> **ACTION ITEM**
Every entry is to be returned unchanged, and no picture is to be included.

> **RECORDS FOR PROCESSING**
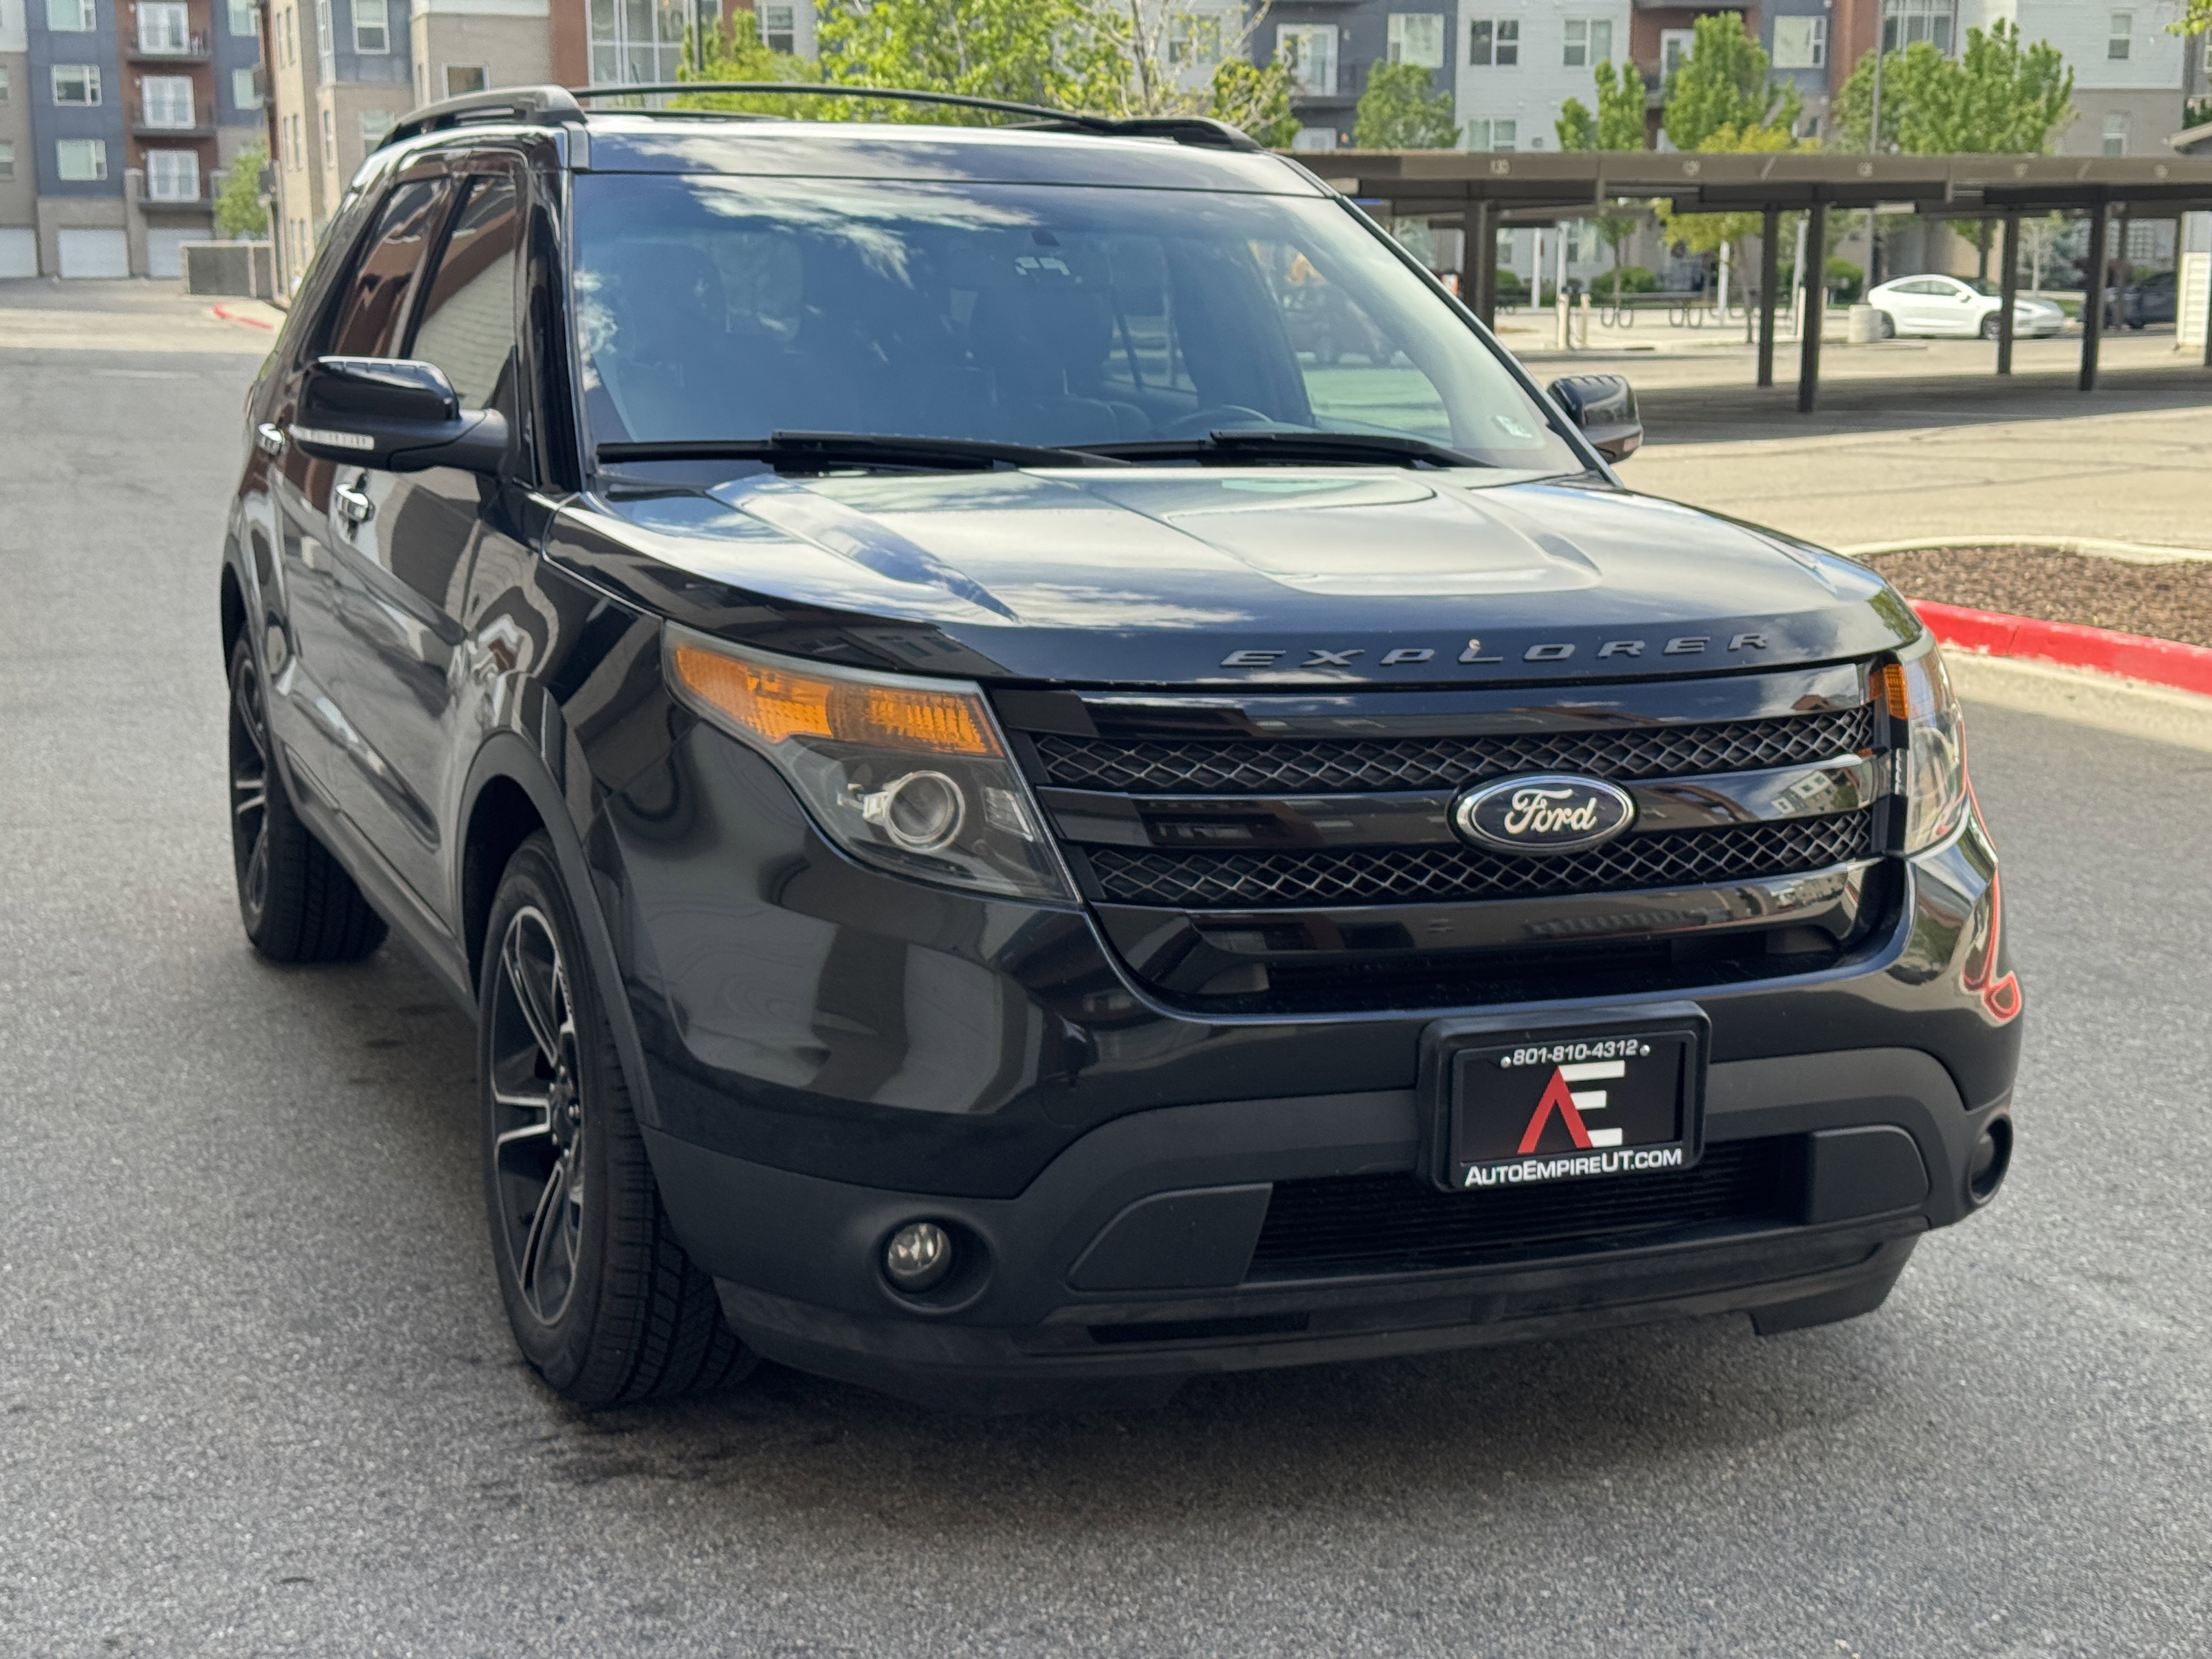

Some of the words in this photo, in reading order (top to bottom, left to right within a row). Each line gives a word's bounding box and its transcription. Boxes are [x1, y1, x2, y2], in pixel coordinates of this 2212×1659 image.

[1220, 632, 1770, 668] EXPLORER
[1505, 789, 1597, 834] Ford
[1513, 1039, 1639, 1066] 801-810-4312
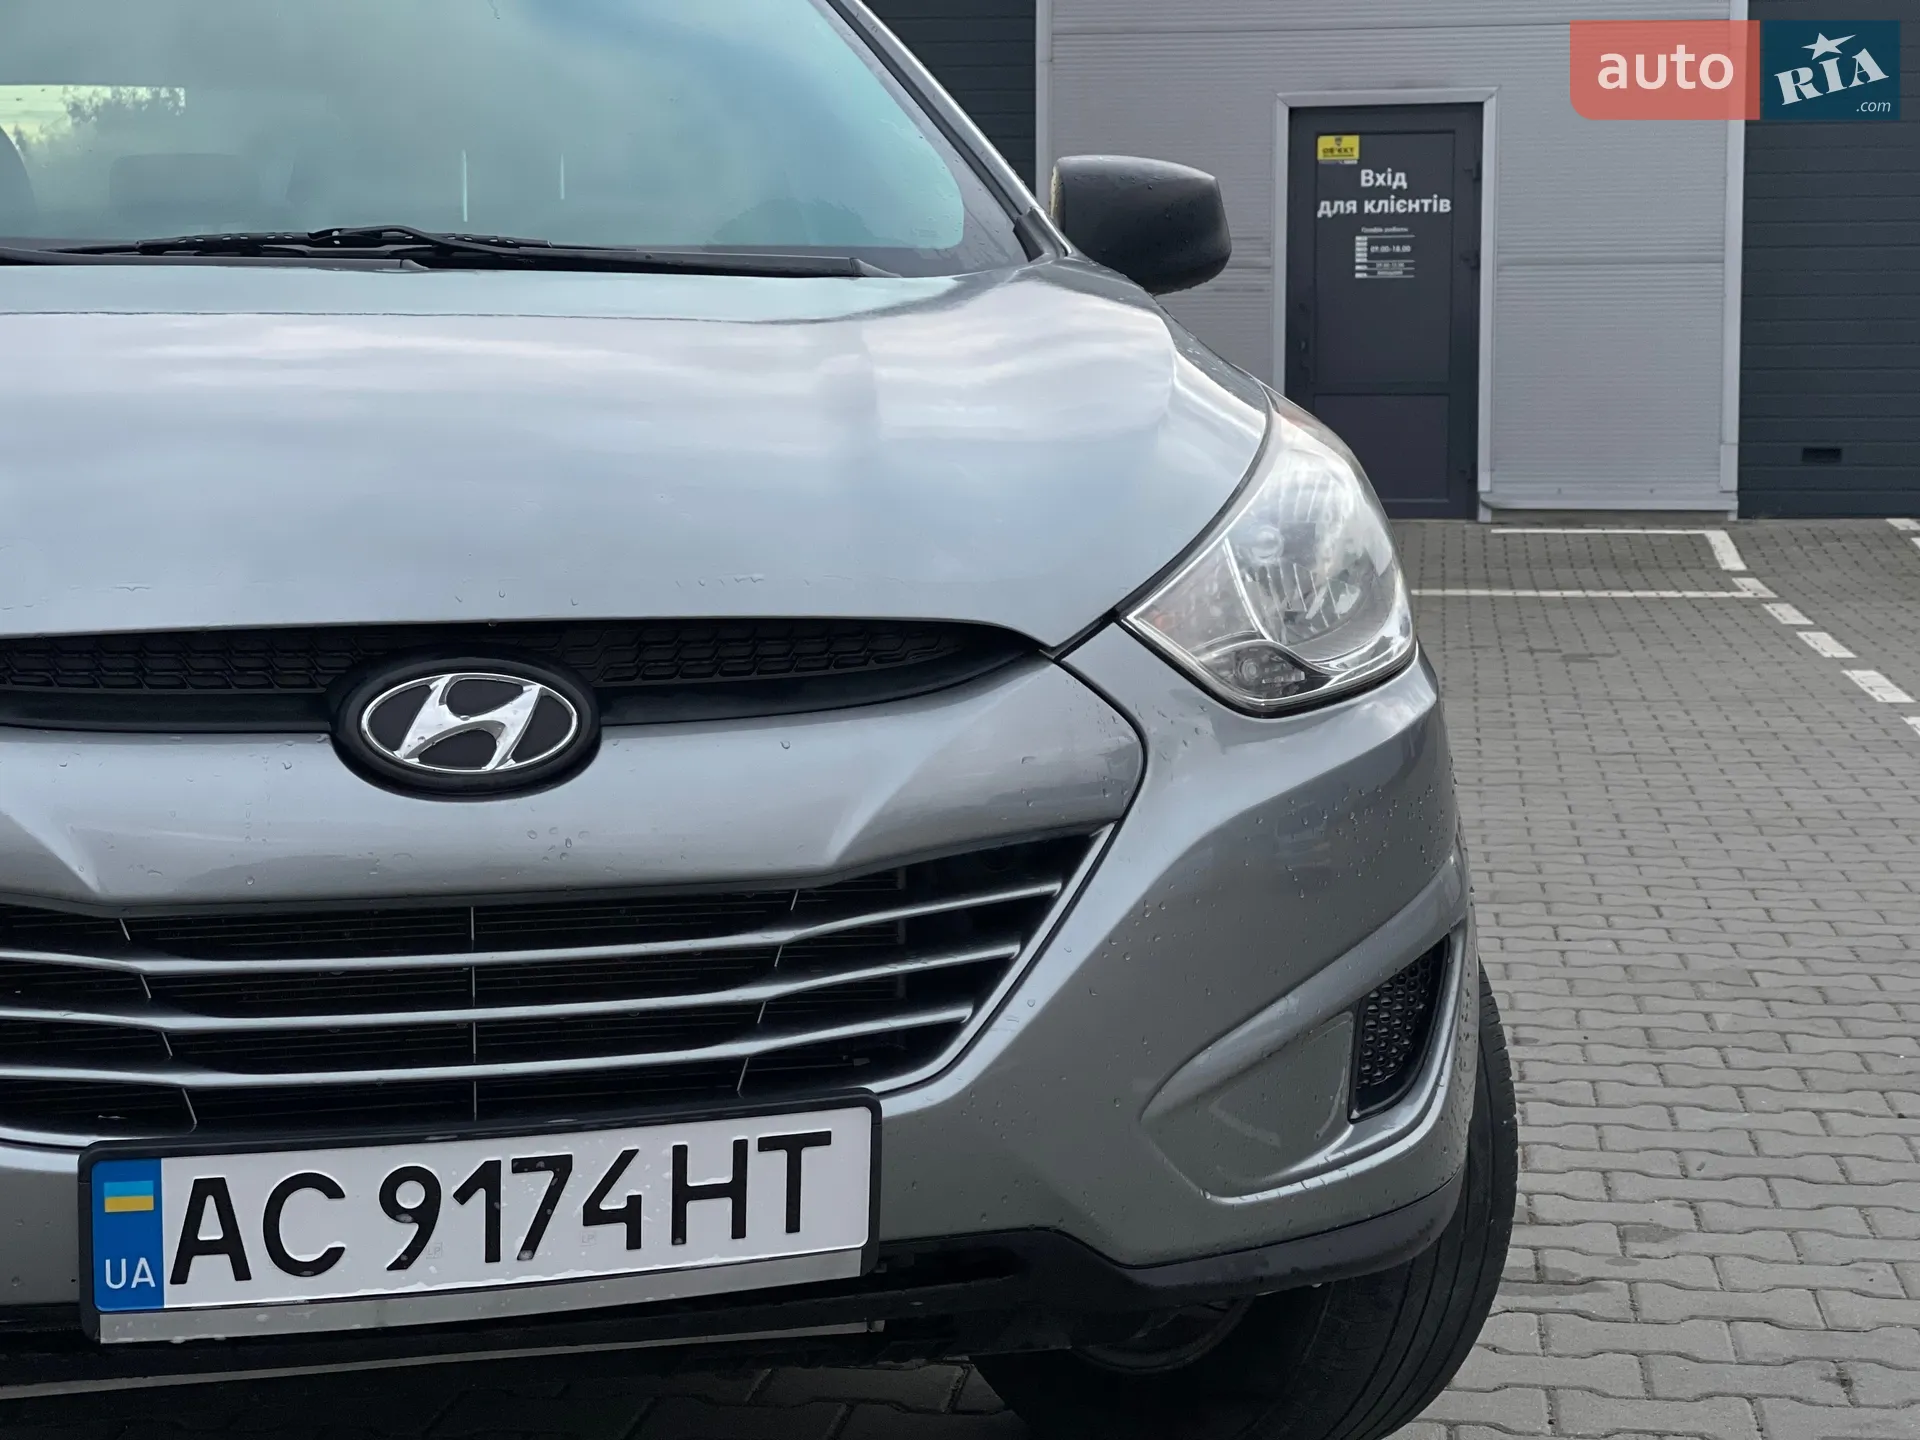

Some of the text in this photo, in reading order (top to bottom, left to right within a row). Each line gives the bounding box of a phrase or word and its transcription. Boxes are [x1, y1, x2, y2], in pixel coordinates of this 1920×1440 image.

[1360, 167, 1408, 190] Вхід
[1317, 194, 1452, 218] для клієнтів
[169, 1130, 832, 1286] AC 9174 HT
[103, 1258, 156, 1290] UA
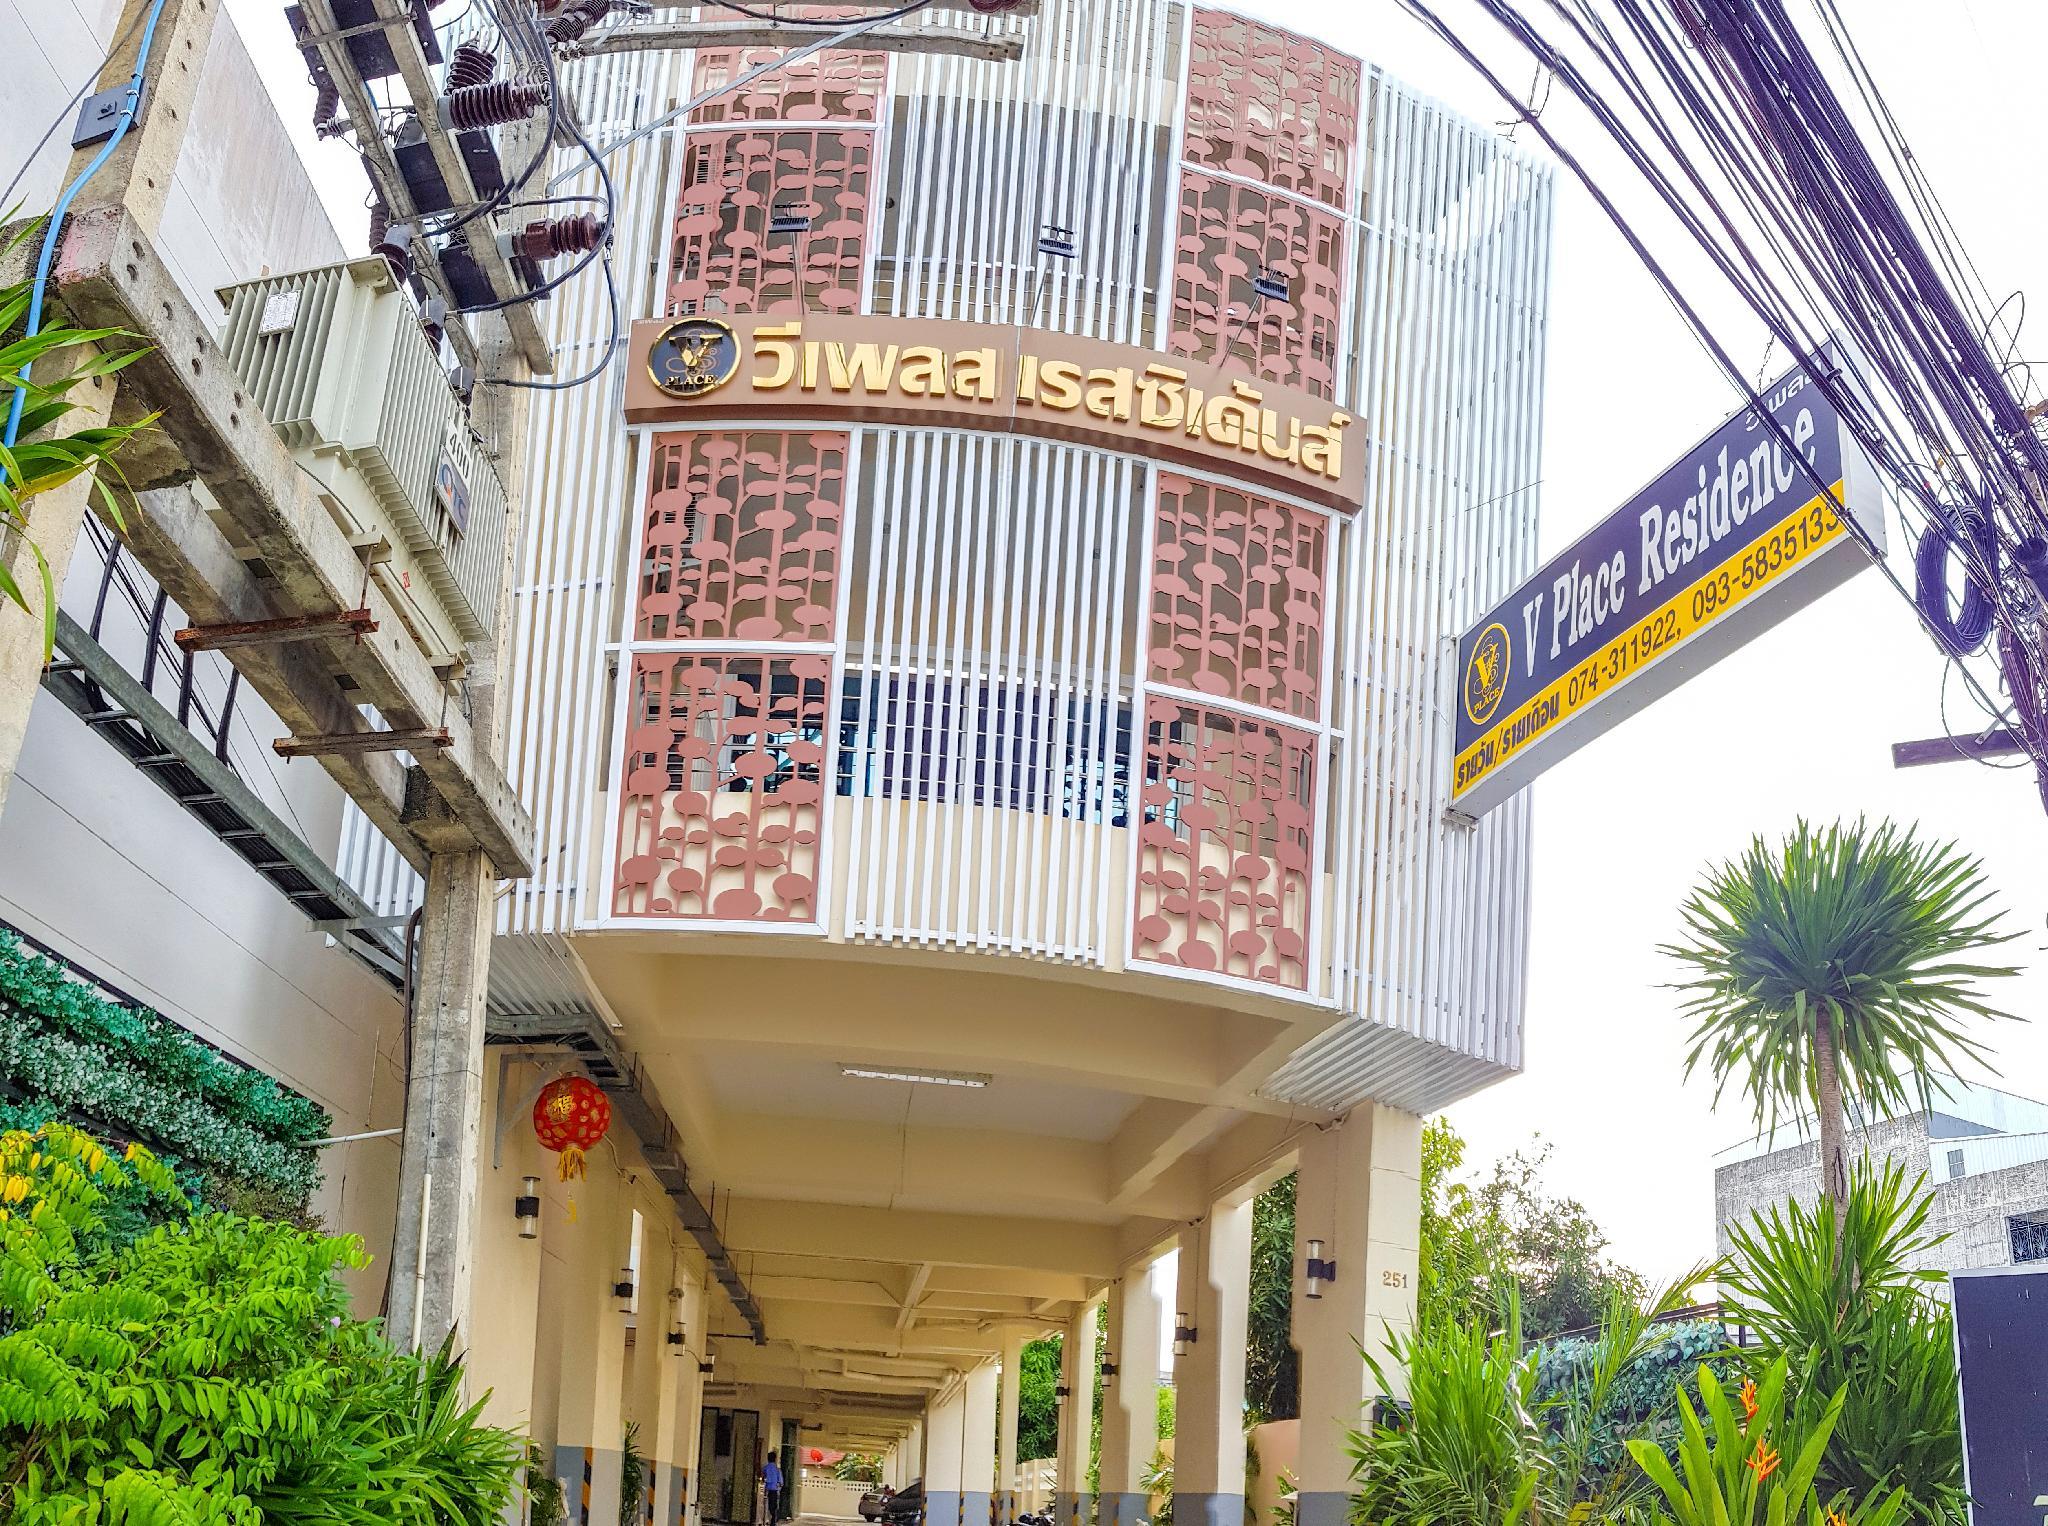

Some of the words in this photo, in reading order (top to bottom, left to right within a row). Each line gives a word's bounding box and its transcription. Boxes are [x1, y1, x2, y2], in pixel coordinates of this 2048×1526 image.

> **SOLUTION TO THIS EXERCISE**
Some of the words in this photo, in reading order (top to bottom, left to right within a row). Each line gives a word's bounding box and its transcription. Boxes are [x1, y1, x2, y2], in pixel coordinates of this 2212×1659 image.

[1220, 632, 1770, 668] EXPLORER
[1505, 789, 1597, 834] Ford
[1513, 1039, 1639, 1066] 801-810-4312

Some of the text in this photo, in reading order (top to bottom, left to right within a row). Each line gives the bounding box of a phrase or word and its transcription. Boxes are [x1, y1, x2, y2], in pixel coordinates of this 1920×1440 image.

[1360, 167, 1408, 190] Вхід
[1317, 194, 1452, 218] для клієнтів
[169, 1130, 832, 1286] AC 9174 HT
[103, 1258, 156, 1290] UA

Some of the words in this photo, in reading order (top to bottom, left to right within a row). Each line gives a word's bounding box and its transcription. Boxes are [x1, y1, x2, y2], in pixel coordinates of this 2048×1526 image.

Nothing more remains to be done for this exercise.